AUSTIN (KXAN) — While it may seem like a lot of the world is taking a break, riding out the pandemic, chronic pain doesn’t stop, leaving people whose doctors’ offices have closed, feeling like they may not have many options.
Dr. Jarod Carter, who practices physical therapy in Austin, says he’s trying to help those patients.
“Stay home and stay safe, but, you know, don’t stay in pain,” Carter said. “There are options if you’re dealing with something like that.”
Carter is providing telephysical therapy.
“We’re a very hands-on practice, and so I and my patients had our doubts, and now that we’ve done a handful of them since closing our clinic doors this week, we’ve all been really pleasantly surprised,” Carter said.
Carter has made videos of at-home tips and tricks for patients, before, and now, he says he’s incorporating that into patient-specific online appointments. He says those appointments are guiding patients through video chat to do what he’d usually do hands-on.
“Now, it’s just like, ‘Okay, grab a lacrosse ball, grab a foam roll, do exactly this,’ and now we re-test that movement, ‘Oh, wow. It’s so much better,'” Carter said.
Carter says his at-home exercises can treat anything from serious injuries to those just incurred by the coronavirus outbreak.
“A patient called the other day and said their back pain had flared up because they’d been binging Netflix for like the last five, six days. I was like, ‘Alright, let’s hop online, I’m going to show you the stretches to do,’ and it knocked it out,” Carter said.
Carter says a number of other physical therapists across the Austin area are offering online sessions right now, too.

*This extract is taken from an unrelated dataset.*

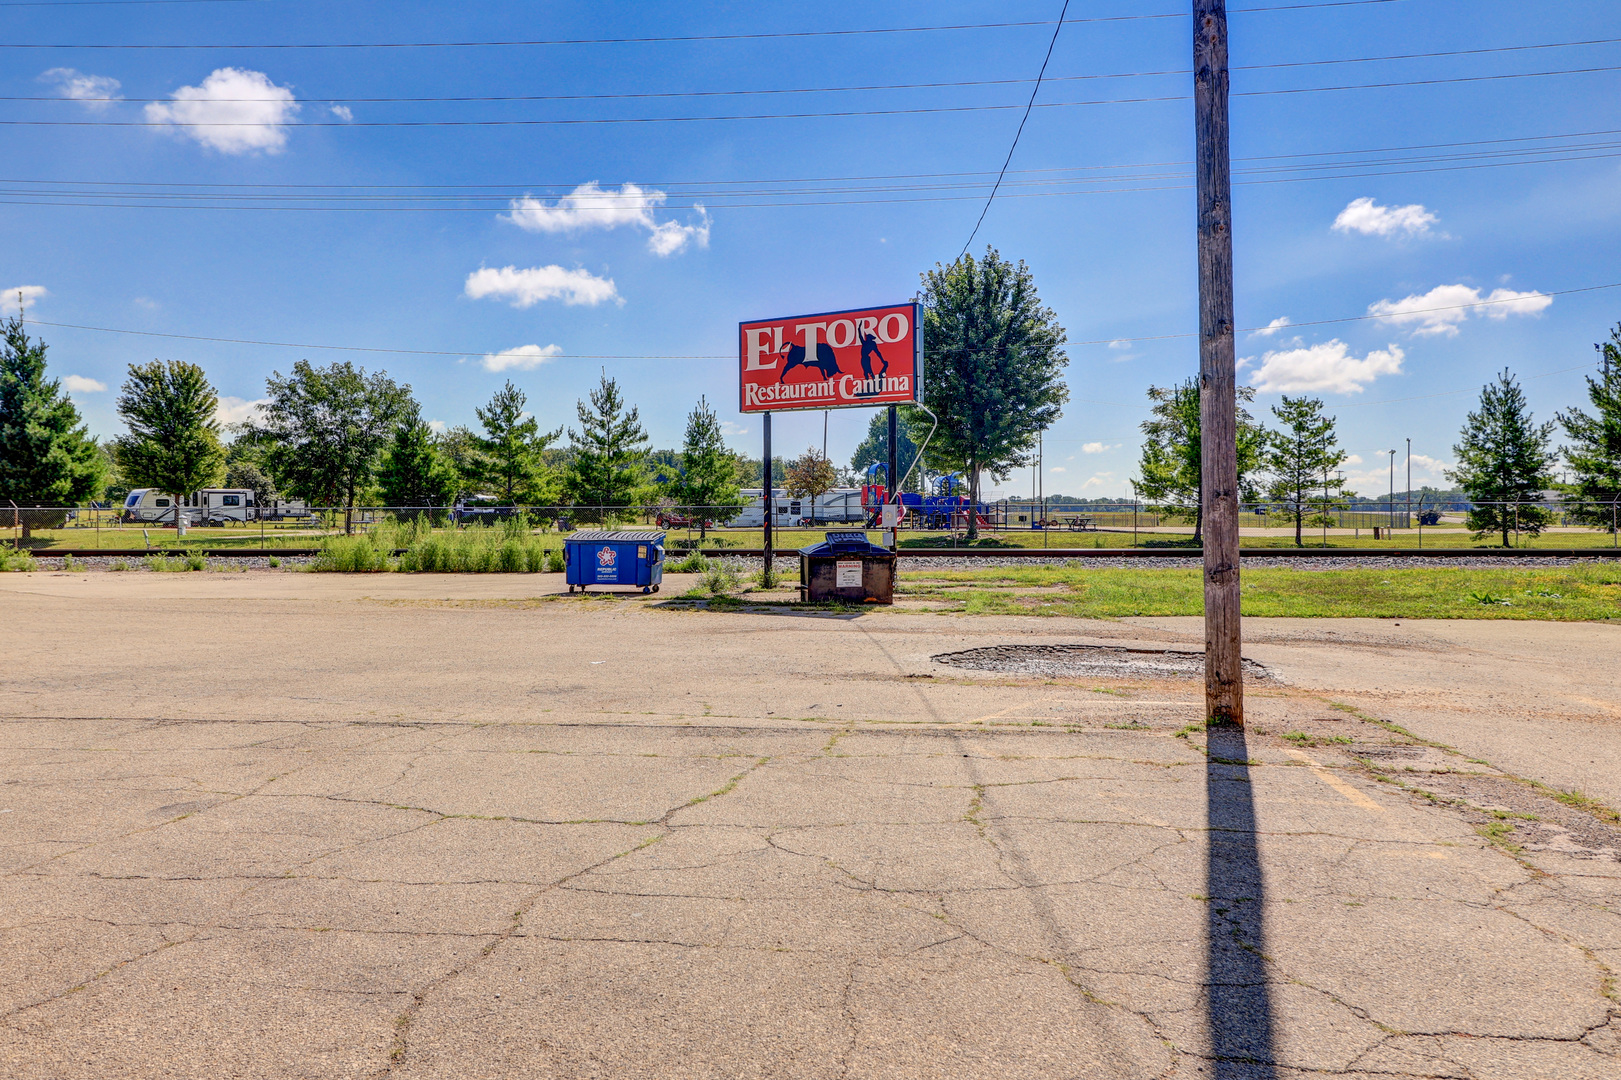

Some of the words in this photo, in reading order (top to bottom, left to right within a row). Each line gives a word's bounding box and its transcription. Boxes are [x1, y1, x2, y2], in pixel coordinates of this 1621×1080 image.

[795, 313, 909, 363] TORO
[745, 378, 836, 405] Restaurant
[838, 372, 909, 399] Cantina

“So, if someone out there is dealing with pain and they haven’t asked their physical therapist about that, just canceled their appointment, ask them, say, ‘Can we meet? Can we do one of these telehealth things?’ Because there’s no reason for people to be losing the progress they made, or if they weren’t getting treatment already, to think, ‘I’ve just got to sit at home and be in pain,’ Because there’s so much that can be done,” he said.
For patients whose physical therapists aren’t offering online sessions, Carter says he’ll take new patients online during the outbreak. He’s also discounting appointments about 50% of what they’d cost in his clinic, in hopes that it will encourage people to stay home.